On Build settings, click build and run.

Setting up the Web application:

Navigate to the project directory using powershell, then cd WebApp, then run the command npm run dev -- -w
the console will show a link to the local web application

Using the Application:

There are two modes, the first one is receiving a video steam from unity and showing this stream on the browser:

Open the application on mobile and allow access to the camera.
Then go back to the local web app on the browser and click receiver sample.
Click on play video button, then the stream should be started.

The second mode is video receiver with AR annotation:

Open the application on mobile and allow access to the camera.
Then go back to the local web app on the browser and click video player.
Click on play video button, then the stream should be started.
By now the mobile application should have started detecting the planes and the video stream is sent to the browser.
Click on any of the detected planes on the browser, then an arrow should point to the click position on both clients.

Dependencies

The project is based on:

WebRTC protocol for the browser and unity (version 2.4.0-exp.6).
UnityRenderStreaming package (version 3.1.0-exp.3).

Unity.WebRTC && WebRTC browser API:

This package is an API for WebRTC protocol, but in unity with the same browser implementation which gives a great benifit in using this protocol in unity AR and VR applications. This package is compitble with the browser API so it can be used to allow real-time, peer-to-peer, media exchange between unity-unity application or unity-browser application. A connection is established through a discovery and negotiation process called signaling. The signaling between two peers is not supported by WebRTC protocol because every peer is connecting to the Internet behind a NAT so each peer has no information about his public IP address therefore each peer cannot give his IP to the other peer. The solution for this is to use a signaling server.

Signaling Server:

The signaling server acts as an interface between the Unity Android application and the browser clients so they can Start sending signaling messages to each other. Using an HTTP server would not help in the case of WebRTC as the signaling messages are being generated asyncrounosly, so it is optimal to use a WebSocket server. WebSocket connection is statefull (FullDuplex) connection. Unlike the HTTP connection where the server cannot send responses to the client unless the client sends a request. Websocket servers can send and receive requests at any moment in the connection lifetime. In the case of WebRTC, the server will never know when a client will send a signaling message so it can be forwarded to the other client.

Singnaling Process:

The browser client sends and Offer message to the websocket server
The Signaling server receives the message from the broswer and forwards it to the Unity client
The Unity client receives the offer and set this Offer as its RemoteDescription
The Unity client create an Answer and set this Answer as its LocalDescription
The Unity client sends the Answer to the browser client
The Signaling server receives the message from the broswer and forwards it to the Unity client
The browser client receives the Answer and set this Answer as its RemoteDescription
The Two clients register to the onIceCandidate event and once the event handler is called, it should send the collected iceCandidate to the other Peer.
Once the other Peer receives an iceCandidate, it should call AddIceCanidate in order to set the SDP.

P2P Connection:

Once the two peers set their LocalDescription and RemoteDescription They can start exchaning real-time data (Video, Audio, etc..).

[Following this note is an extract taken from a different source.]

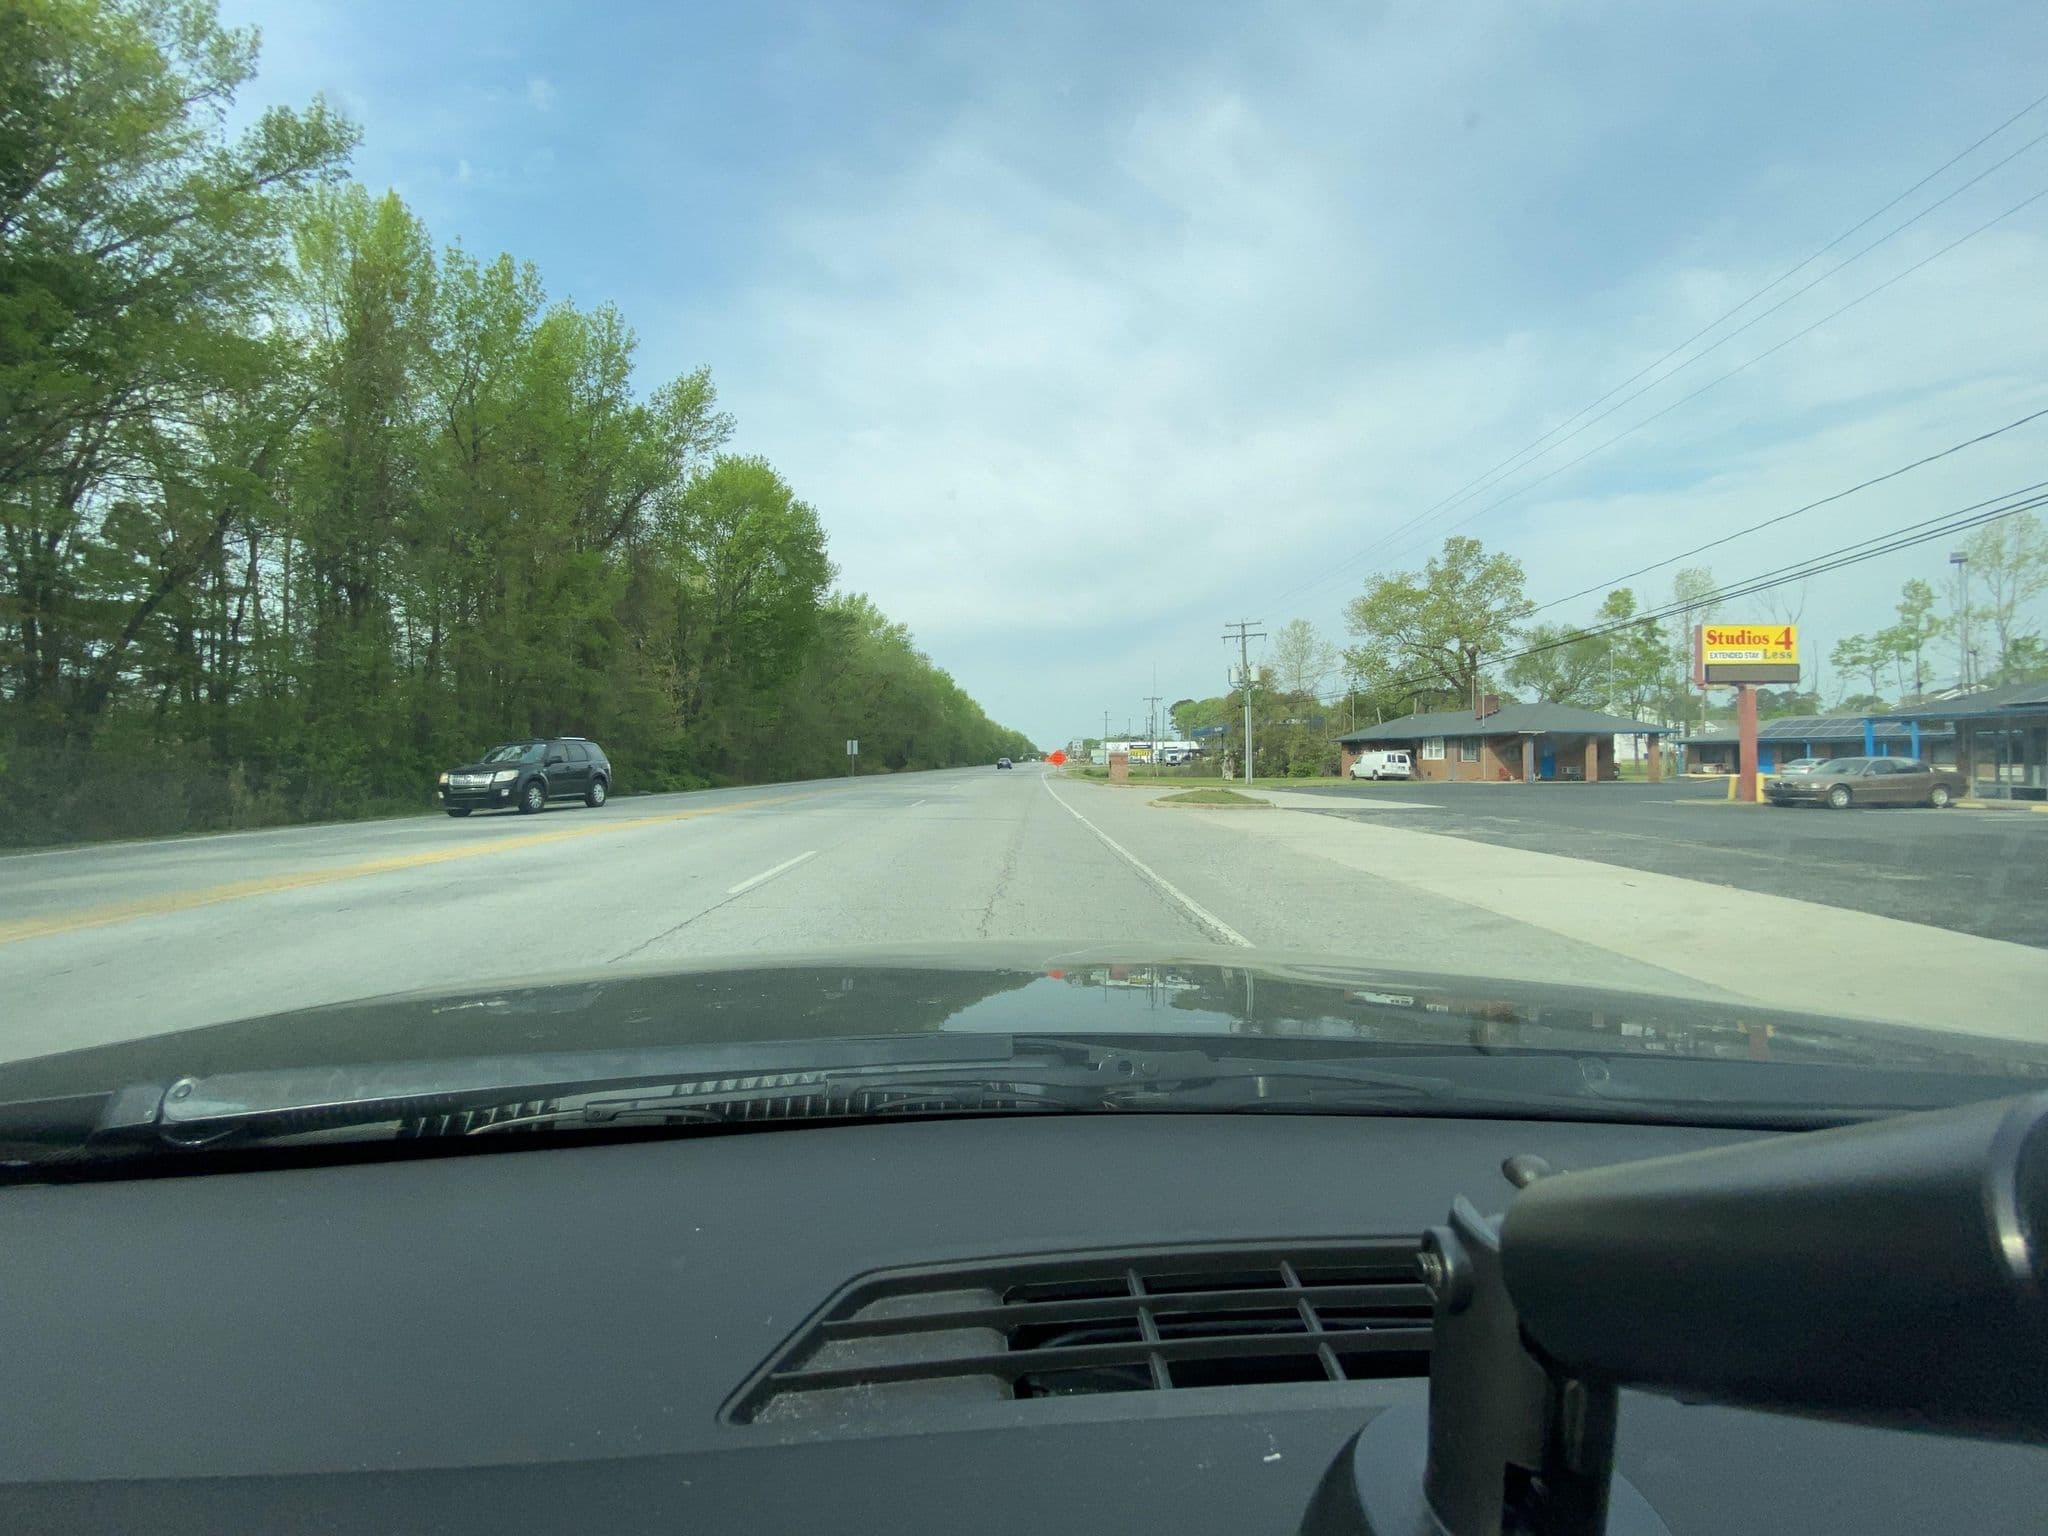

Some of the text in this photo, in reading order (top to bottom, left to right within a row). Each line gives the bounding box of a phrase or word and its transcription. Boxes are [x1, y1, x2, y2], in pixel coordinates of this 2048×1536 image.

[1706, 626, 1793, 651] Studios 4
[1709, 652, 1760, 660] EXTENDED STAY
[1763, 649, 1793, 660] Less

A MediaStream object can be sent over the RTCPeerConnection using the AddTrack method. The other peer can register to the OnTrack event which is will be called once a track is received.

Remarks:

The MediaStream object should be added using the AddTrack method before sending an Offer/Answer to the other peer. Adding a track should be followed by new Offer/Answer in order for the other peer to have an updated SDP.
The IceCandidate should be handled on the remote peer after the RemoteDescritption is set.
The sending peer needs to register to OnNegotiationNeeded event which is called once AddTrack finishes execution. The handler of this event should send a new Offer to the remote peer with the new SDP.

RenderStreaming

Unity Render streaming is based on the WebRTC protocol. It provides a high level implementation for the sinaling, sending, and receiving process. It allows streaming real-time data on a peer to peer connection using WebRTC. This package also allows sending input data from the browser to Unity by maping the browser Events to Unity Actions. With this package, it is possible to build streaming applications in Unity for both Windows and Andriod.

AR Camera Streaming

In order to stream the Unity camera. The following components must be added to the scene:

ARSession Origin: This is an origin to the scene when the player start the application. It is responisble for managing all the Trackables that will be added on the run e.g. 3D cubes.
AR Session: Controls the lifecycle and configuration options for an AR session

The following scripts are added to the arCamera component which is a subComponent of the ARSession origin component:

Rendertreaming:

This is the base class for the Unity render streaming package. It is responsible for connecting to the signaling server and streaming the provided real-time data. It supports two types of Signaling (HTTP/WebSocket). In this project the Websocket signaling were used as dicussed in the WebRTC part above. This script is expecting inputs of type SignalingHandlerBase which is a parent class for the BroadCast class used in this project.

Broadcast:

This script is responsible for handling the singlaing messages (offer, answer, ice-candidate) and Sending the input streams to be used in RenderStreaming script. This class is expecting inputs of type StreamSenderBase which is the parent class for the ARCameraSender used in this project.

ARCameraSender:

This script extends from Unity.RenderStreaming.VideoStreamSender class. It is responsible for sending the video stream as a RenderTexture. This script changes the TargetTexture of the camera to be a RenderTexture instead of rendering to the screen. It should be attached to the arCamera object.

CameraTextureMixer :

This script is responsible for creating a copy from the Rendered image from the camera and print this image to a RenderTexture which will be used in the ARCameraSender script. This script should be attached to the arCamera object and should be used only if no other arCamera is used for screen rendering.

WSClient (not used)

This script is sample script that holds all the logic for sending and receiving a messages between the Unity client and the Web Server and it was used in the project early stages only.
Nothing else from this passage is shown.